Abstract

‘You can never cross the Pont Neuf without seeing a monk, a white horse and a whore’, ran the proverb – which was hard luck on the two ladies who stood there and saw the first two but could not find the third: ‘Pour la catin, vous et moi nous n’en sommes pas en peines’. Members of the religious Orders in their costumes of black, white, brown and grey were a feature of the scene in the streets of every town, and everyone had a monk or nun among their relatives.

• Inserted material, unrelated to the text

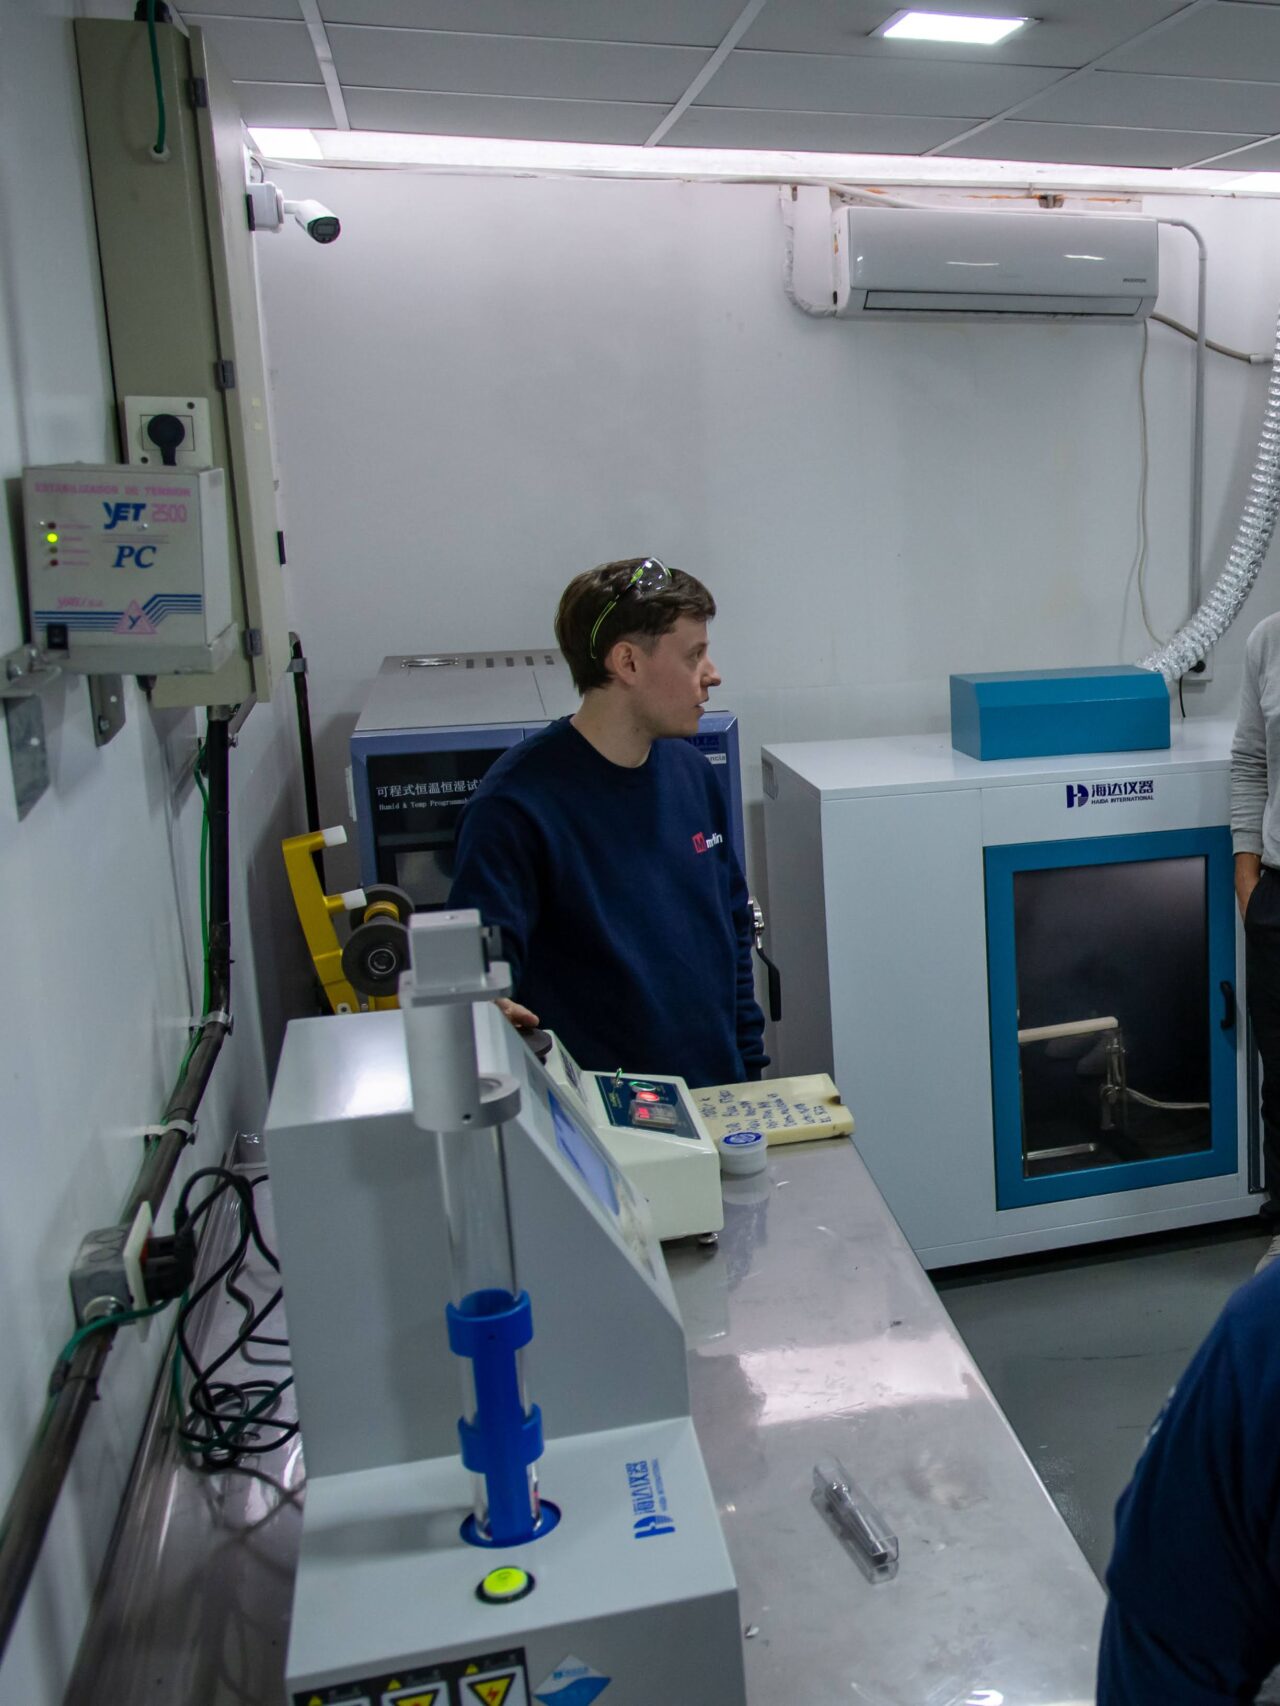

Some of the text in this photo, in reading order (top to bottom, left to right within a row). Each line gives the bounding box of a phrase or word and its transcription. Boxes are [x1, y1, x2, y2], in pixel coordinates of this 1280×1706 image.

Voltaire’s sardonic examples of the characteristic features of the civilisation of his day included them: ‘man will always be what he is now; this does not mean to say, however, that there will always be fine cities, cannons firing a shot of 24 lbs weight, comic operas and convents of nuns’. Routine gossip slipped naturally into analogies drawn from the cloister – she is as fat as a monk; they were like children at a window crying out when they first see a Capucin friar; you are like a novice who climbs the walls looking for a lover, while the nuns in the chapel pray for her. Voltaire uses monastic titles in jocular descriptions of himself and his friends. He is the ‘old hermit’, the ‘lay brother’, the ‘solitary’, ‘brother Voltaire, dead to the world and in love with his cell and his convent’, and once, when his play Octave et le jeune Pompée was a flop, he decided to be, for a while, ‘the little ex-Jesuit’, ‘le petit défroqué’. He hopes ‘brother’ Helvétius will be elected to the Academy: ‘these are the most ardent prayers of the monk Voltairius, who from his lonely cell unites himself in spirit with his brethren’. The badinage of monastic seclusion hinted at protest at his long exile from Paris; it also served to mask the social distinctions, which, in spite of familiarity and, even, friendship, were never forgotten between the court grandees and the intellectuals. It was easier for Choiseul to write to him as ‘mon cher solitaire’, just as Voltaire avoided routine sycophancy by writing, with exaggerated deference, to Richelieu as ‘mon héros’.